(Data items)
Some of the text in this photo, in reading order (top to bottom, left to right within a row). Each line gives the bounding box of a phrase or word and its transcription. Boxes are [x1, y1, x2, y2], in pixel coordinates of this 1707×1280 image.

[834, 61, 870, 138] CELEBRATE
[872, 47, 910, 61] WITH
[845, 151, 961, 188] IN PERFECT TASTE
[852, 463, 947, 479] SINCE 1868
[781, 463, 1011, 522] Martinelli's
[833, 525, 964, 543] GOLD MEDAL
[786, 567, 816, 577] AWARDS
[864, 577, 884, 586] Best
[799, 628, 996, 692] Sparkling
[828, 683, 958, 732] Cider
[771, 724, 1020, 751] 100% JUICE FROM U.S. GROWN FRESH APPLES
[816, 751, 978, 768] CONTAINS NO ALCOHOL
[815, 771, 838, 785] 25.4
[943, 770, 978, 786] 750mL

* _What to do_:
Return the entries above in full and exactly as written.

* _Response to the task_:
Some of the text in this photo, in reading order (top to bottom, left to right within a row). Each line gives the bounding box of a phrase or word and its transcription. Boxes are [x1, y1, x2, y2], in pixel coordinates of this 1707×1280 image.

[834, 61, 870, 138] CELEBRATE
[872, 47, 910, 61] WITH
[845, 151, 961, 188] IN PERFECT TASTE
[852, 463, 947, 479] SINCE 1868
[781, 463, 1011, 522] Martinelli's
[833, 525, 964, 543] GOLD MEDAL
[786, 567, 816, 577] AWARDS
[864, 577, 884, 586] Best
[799, 628, 996, 692] Sparkling
[828, 683, 958, 732] Cider
[771, 724, 1020, 751] 100% JUICE FROM U.S. GROWN FRESH APPLES
[816, 751, 978, 768] CONTAINS NO ALCOHOL
[815, 771, 838, 785] 25.4
[943, 770, 978, 786] 750mL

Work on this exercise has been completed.